Task item
Your response should be the complete data, transcribed exactly.

(Supplied records)

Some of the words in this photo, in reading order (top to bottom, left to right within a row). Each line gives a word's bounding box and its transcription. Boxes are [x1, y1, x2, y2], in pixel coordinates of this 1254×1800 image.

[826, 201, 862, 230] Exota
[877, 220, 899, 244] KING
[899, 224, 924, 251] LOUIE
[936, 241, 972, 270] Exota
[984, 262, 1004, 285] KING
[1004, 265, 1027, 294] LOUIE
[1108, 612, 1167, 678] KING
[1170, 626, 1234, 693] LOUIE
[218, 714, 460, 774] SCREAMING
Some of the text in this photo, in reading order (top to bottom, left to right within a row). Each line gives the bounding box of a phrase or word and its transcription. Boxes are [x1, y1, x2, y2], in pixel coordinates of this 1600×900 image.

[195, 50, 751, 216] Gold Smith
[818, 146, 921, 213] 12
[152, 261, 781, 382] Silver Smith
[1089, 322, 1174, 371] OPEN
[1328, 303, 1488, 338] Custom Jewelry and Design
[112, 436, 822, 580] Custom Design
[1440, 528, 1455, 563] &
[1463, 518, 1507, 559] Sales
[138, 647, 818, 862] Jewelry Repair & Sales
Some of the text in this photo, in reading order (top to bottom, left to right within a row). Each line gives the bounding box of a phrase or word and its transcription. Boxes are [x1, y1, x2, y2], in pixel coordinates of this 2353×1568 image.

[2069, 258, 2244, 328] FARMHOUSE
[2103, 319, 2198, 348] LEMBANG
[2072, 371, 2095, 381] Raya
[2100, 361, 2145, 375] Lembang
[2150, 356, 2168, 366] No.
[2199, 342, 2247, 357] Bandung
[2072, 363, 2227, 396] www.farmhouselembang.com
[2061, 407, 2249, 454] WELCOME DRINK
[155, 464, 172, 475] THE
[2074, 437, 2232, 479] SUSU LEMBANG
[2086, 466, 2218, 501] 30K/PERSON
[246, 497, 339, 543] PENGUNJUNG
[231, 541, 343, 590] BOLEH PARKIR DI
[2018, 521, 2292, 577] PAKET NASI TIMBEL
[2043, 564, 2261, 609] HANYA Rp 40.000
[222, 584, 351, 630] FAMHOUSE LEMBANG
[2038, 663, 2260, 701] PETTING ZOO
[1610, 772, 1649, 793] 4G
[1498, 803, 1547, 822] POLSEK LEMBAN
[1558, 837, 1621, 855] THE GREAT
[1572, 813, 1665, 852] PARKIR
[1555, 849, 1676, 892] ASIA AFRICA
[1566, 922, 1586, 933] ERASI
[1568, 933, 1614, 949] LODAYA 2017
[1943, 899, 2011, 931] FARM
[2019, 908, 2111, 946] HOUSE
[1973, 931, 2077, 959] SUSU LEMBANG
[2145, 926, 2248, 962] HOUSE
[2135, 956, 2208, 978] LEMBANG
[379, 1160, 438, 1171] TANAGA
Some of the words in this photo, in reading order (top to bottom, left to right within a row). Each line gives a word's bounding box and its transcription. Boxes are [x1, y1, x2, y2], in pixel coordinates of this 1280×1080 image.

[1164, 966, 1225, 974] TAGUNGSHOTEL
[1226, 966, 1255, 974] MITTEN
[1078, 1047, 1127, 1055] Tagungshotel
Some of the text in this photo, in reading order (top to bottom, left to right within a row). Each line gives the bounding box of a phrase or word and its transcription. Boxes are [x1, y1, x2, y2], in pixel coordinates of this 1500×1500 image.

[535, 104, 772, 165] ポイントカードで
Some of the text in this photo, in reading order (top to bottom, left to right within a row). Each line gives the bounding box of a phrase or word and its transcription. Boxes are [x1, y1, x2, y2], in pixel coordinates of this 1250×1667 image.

(End Supplied records)

Task result
Some of the words in this photo, in reading order (top to bottom, left to right within a row). Each line gives a word's bounding box and its transcription. Boxes are [x1, y1, x2, y2], in pixel coordinates of this 1254×1800 image.

[826, 201, 862, 230] Exota
[877, 220, 899, 244] KING
[899, 224, 924, 251] LOUIE
[936, 241, 972, 270] Exota
[984, 262, 1004, 285] KING
[1004, 265, 1027, 294] LOUIE
[1108, 612, 1167, 678] KING
[1170, 626, 1234, 693] LOUIE
[218, 714, 460, 774] SCREAMING
Some of the text in this photo, in reading order (top to bottom, left to right within a row). Each line gives the bounding box of a phrase or word and its transcription. Boxes are [x1, y1, x2, y2], in pixel coordinates of this 1600×900 image.

[195, 50, 751, 216] Gold Smith
[818, 146, 921, 213] 12
[152, 261, 781, 382] Silver Smith
[1089, 322, 1174, 371] OPEN
[1328, 303, 1488, 338] Custom Jewelry and Design
[112, 436, 822, 580] Custom Design
[1440, 528, 1455, 563] &
[1463, 518, 1507, 559] Sales
[138, 647, 818, 862] Jewelry Repair & Sales
Some of the text in this photo, in reading order (top to bottom, left to right within a row). Each line gives the bounding box of a phrase or word and its transcription. Boxes are [x1, y1, x2, y2], in pixel coordinates of this 2353×1568 image.

[2069, 258, 2244, 328] FARMHOUSE
[2103, 319, 2198, 348] LEMBANG
[2072, 371, 2095, 381] Raya
[2100, 361, 2145, 375] Lembang
[2150, 356, 2168, 366] No.
[2199, 342, 2247, 357] Bandung
[2072, 363, 2227, 396] www.farmhouselembang.com
[2061, 407, 2249, 454] WELCOME DRINK
[155, 464, 172, 475] THE
[2074, 437, 2232, 479] SUSU LEMBANG
[2086, 466, 2218, 501] 30K/PERSON
[246, 497, 339, 543] PENGUNJUNG
[231, 541, 343, 590] BOLEH PARKIR DI
[2018, 521, 2292, 577] PAKET NASI TIMBEL
[2043, 564, 2261, 609] HANYA Rp 40.000
[222, 584, 351, 630] FAMHOUSE LEMBANG
[2038, 663, 2260, 701] PETTING ZOO
[1610, 772, 1649, 793] 4G
[1498, 803, 1547, 822] POLSEK LEMBAN
[1558, 837, 1621, 855] THE GREAT
[1572, 813, 1665, 852] PARKIR
[1555, 849, 1676, 892] ASIA AFRICA
[1566, 922, 1586, 933] ERASI
[1568, 933, 1614, 949] LODAYA 2017
[1943, 899, 2011, 931] FARM
[2019, 908, 2111, 946] HOUSE
[1973, 931, 2077, 959] SUSU LEMBANG
[2145, 926, 2248, 962] HOUSE
[2135, 956, 2208, 978] LEMBANG
[379, 1160, 438, 1171] TANAGA
Some of the words in this photo, in reading order (top to bottom, left to right within a row). Each line gives a word's bounding box and its transcription. Boxes are [x1, y1, x2, y2], in pixel coordinates of this 1280×1080 image.

[1164, 966, 1225, 974] TAGUNGSHOTEL
[1226, 966, 1255, 974] MITTEN
[1078, 1047, 1127, 1055] Tagungshotel
Some of the text in this photo, in reading order (top to bottom, left to right within a row). Each line gives the bounding box of a phrase or word and its transcription. Boxes are [x1, y1, x2, y2], in pixel coordinates of this 1500×1500 image.

[535, 104, 772, 165] ポイントカードで
Some of the text in this photo, in reading order (top to bottom, left to right within a row). Each line gives the bounding box of a phrase or word and its transcription. Boxes are [x1, y1, x2, y2], in pixel coordinates of this 1250×1667 image.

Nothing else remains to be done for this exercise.